料理に何が入っているのかがわかると、子どもは安心して食べられる一方、苦手な食材だと食べないという〝選択〟ができてしまいます。苦手を克服するためには細かくして混ぜる以外にもいくつか方法があるので、子どもに合った調理法を見つけてみましょう。

①食感を変える
同じ食材でも調理法によって「煮るのか、生で食べるのか」で食感は全く違います。例えば、煮た大根が苦手な子の場合、生のままスティック状に切って味噌マヨを添えるだけで食べられるようになることがあります。逆のパターンもありますね。

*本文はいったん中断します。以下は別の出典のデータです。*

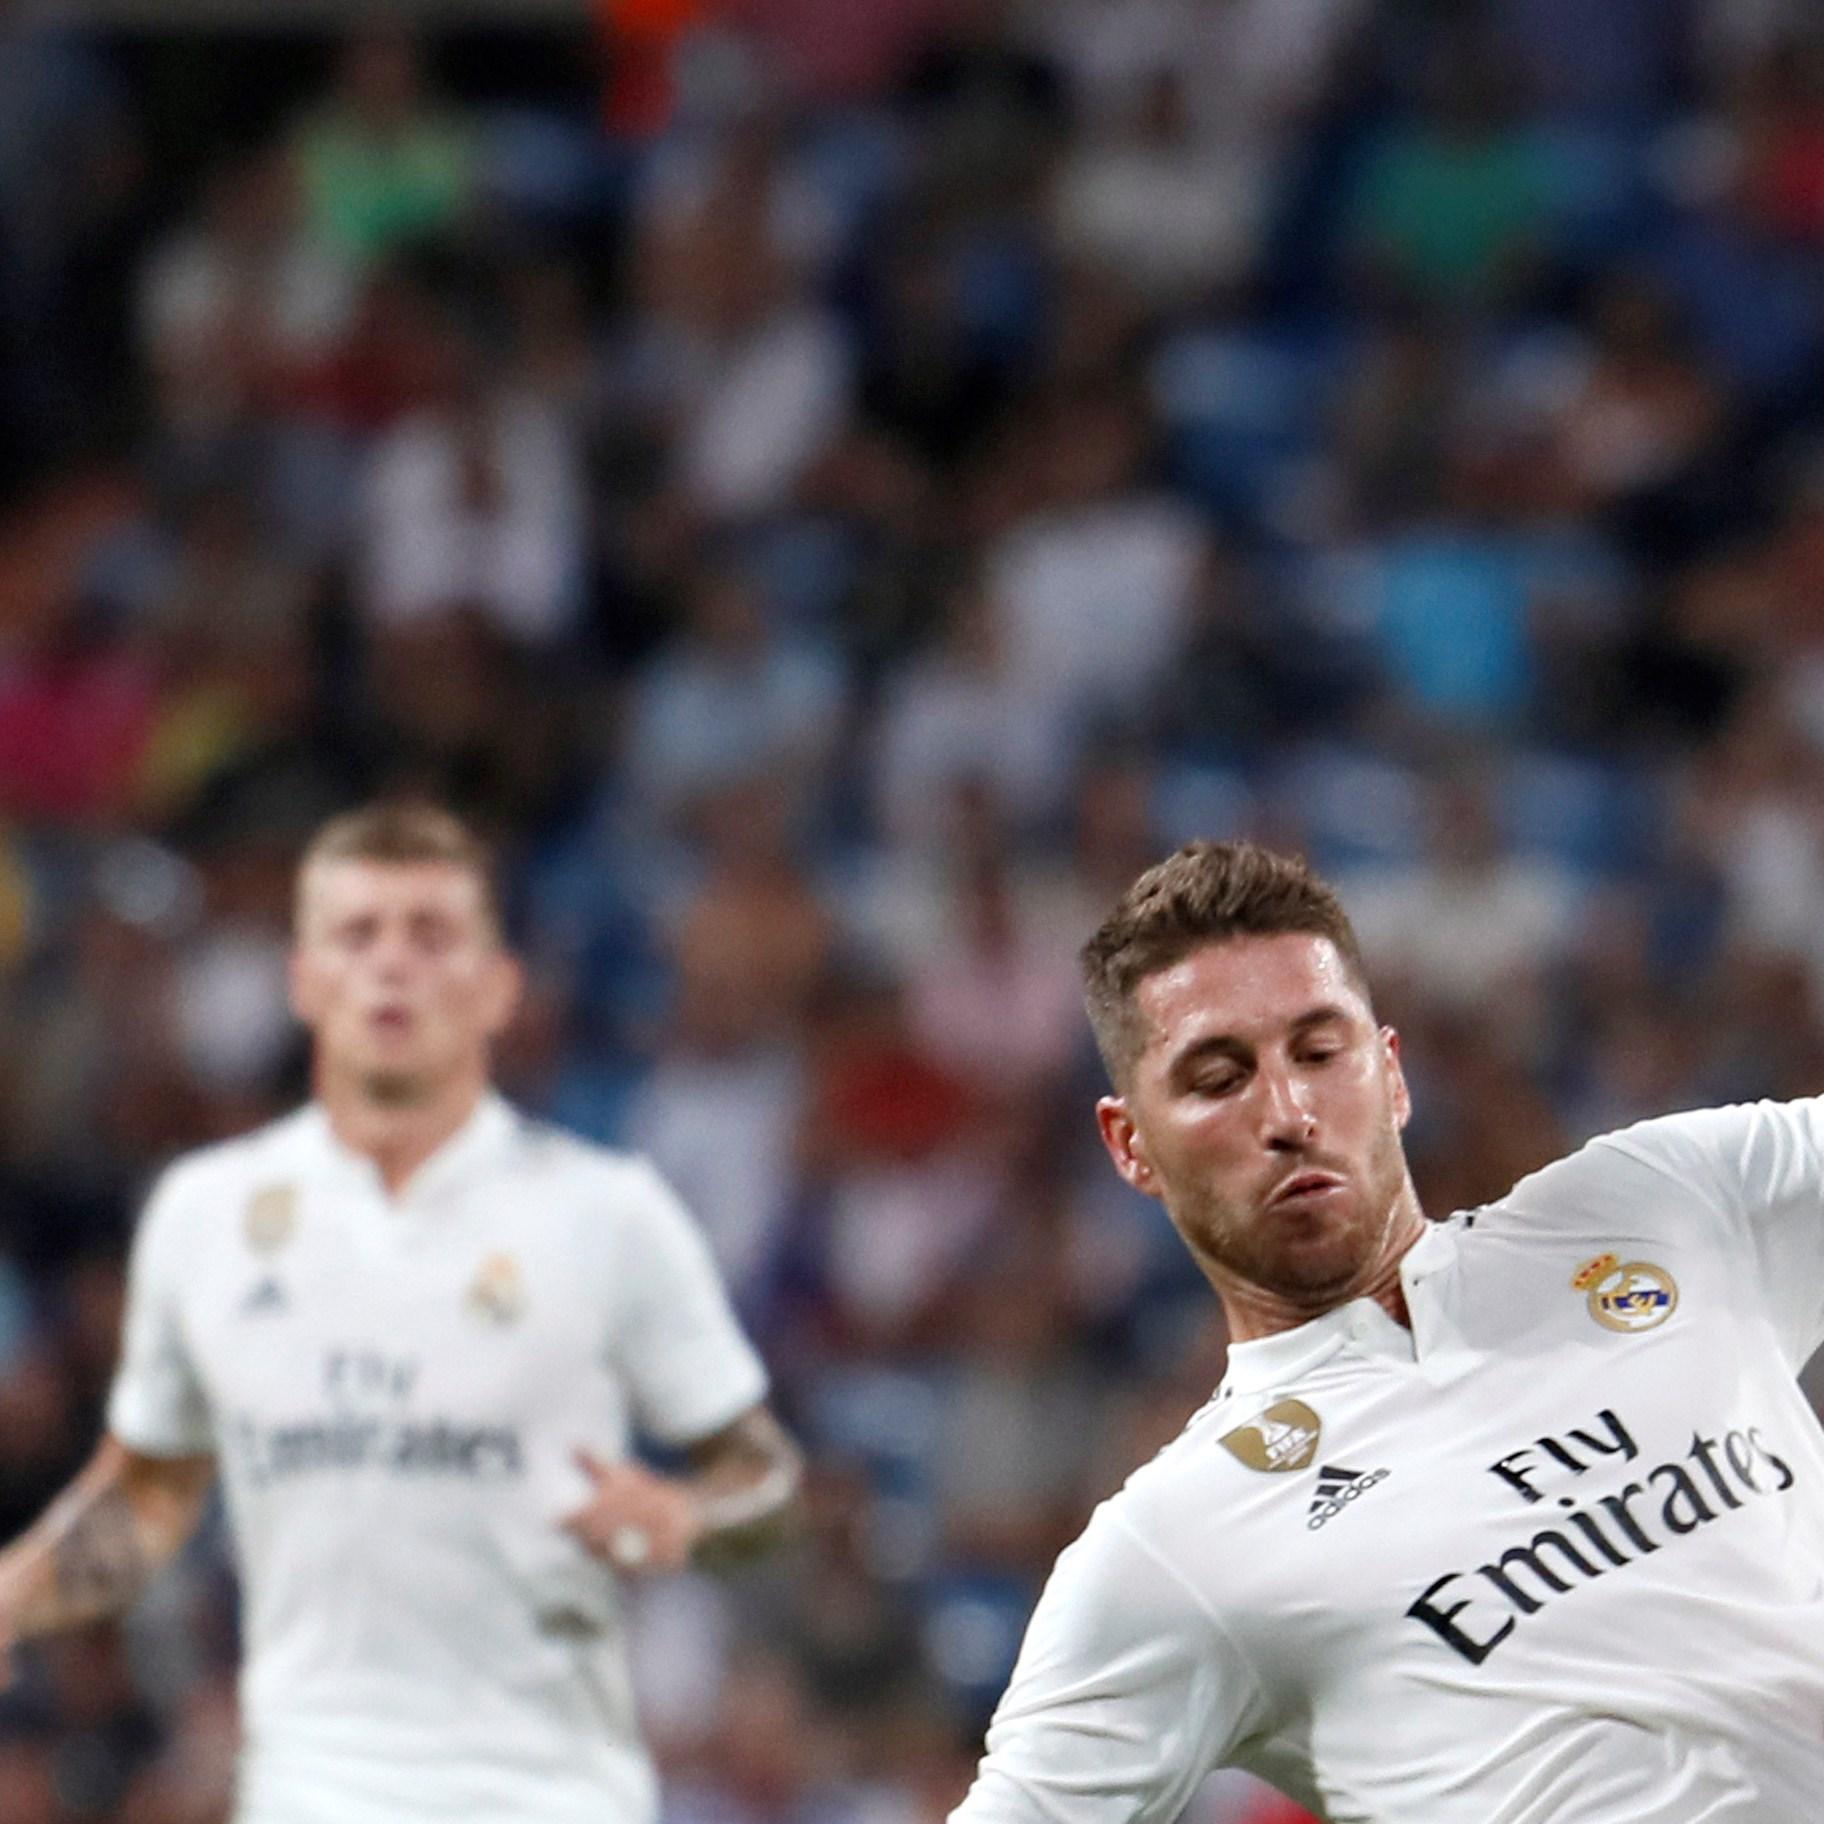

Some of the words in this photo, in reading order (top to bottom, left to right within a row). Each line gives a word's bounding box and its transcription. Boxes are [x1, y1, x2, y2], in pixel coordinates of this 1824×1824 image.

[1307, 1467, 1391, 1531] adidas
[1488, 1408, 1639, 1503] Fly
[1404, 1426, 1795, 1666] Emirates
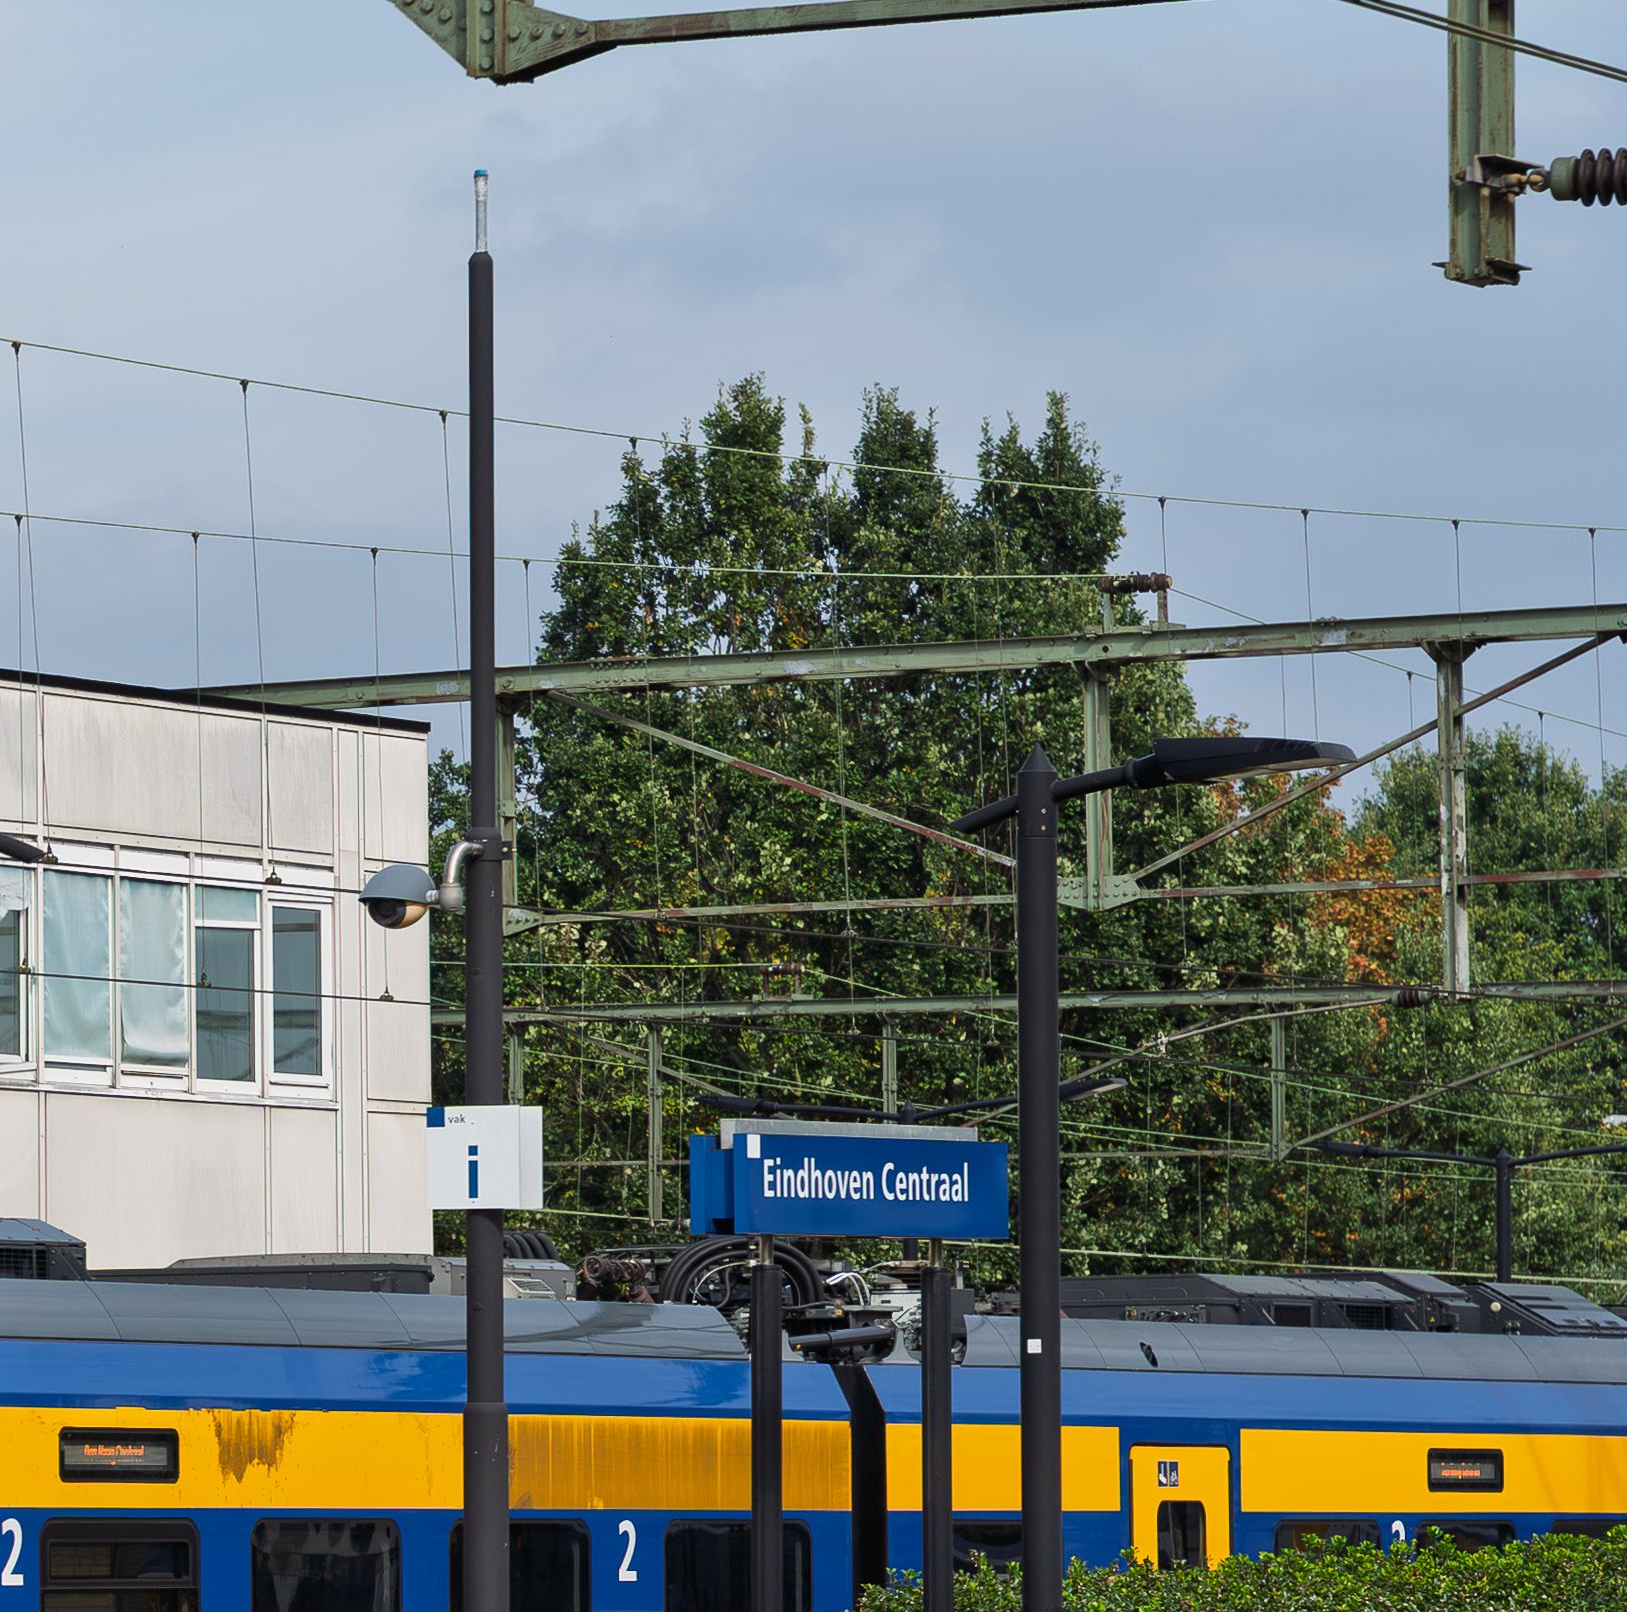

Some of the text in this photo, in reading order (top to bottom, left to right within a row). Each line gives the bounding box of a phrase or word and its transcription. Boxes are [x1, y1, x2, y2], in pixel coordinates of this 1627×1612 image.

[448, 1113, 466, 1124] vak
[763, 1157, 969, 1202] Eindhoven Centraal
[1, 1518, 24, 1586] 2
[618, 1520, 638, 1581] 2

また、野菜の天ぷらをイメージしてみてください。揚げると苦みや香りが抑えられたり、サクサクとした食感が加わったり、油のうまみで食べやすくなることがあります。揚げ物が苦手という場合には、少ない油でも平らで小さな小判型にすればカリッと揚げやすく、食べるきっかけの一つになるかもしれません。

②見た目、場所を変えてみる
いつも切り身で食べている魚を一尾丸ごと焼いて並べてみることで、食材の本来の姿や小さく切る前の料理の姿を見ることも新鮮な体験です。「魚」に対する子どもたちのイメージが変わると思います。ただし、頭や骨がついていることで抵抗を示す場合もありますので、お子さんの性格などへの配慮は必要です。

型を使って星やハートの形にしてみるのも楽しく、子ども自身が一緒に関われる工夫になります。「盛りつける器をお弁当箱にする」「紙皿を使ってみる」など、通常とは違う器にしてみたり、食べる場所を変えてみたりするなど、「いつも」の食事を少し変えてみるのもいいですね。

まとめ

子どもの偏食は、無理強いするよりも、工夫することで少しずつ克服できることが多いです。

まずは、同じ栄養がとれるほかの食材を取り入れながら、「楽しく食べる」雰囲気を作ること、「長い目で見守ること」、これらを意識しながら、少しずつチャレンジしていきましょう!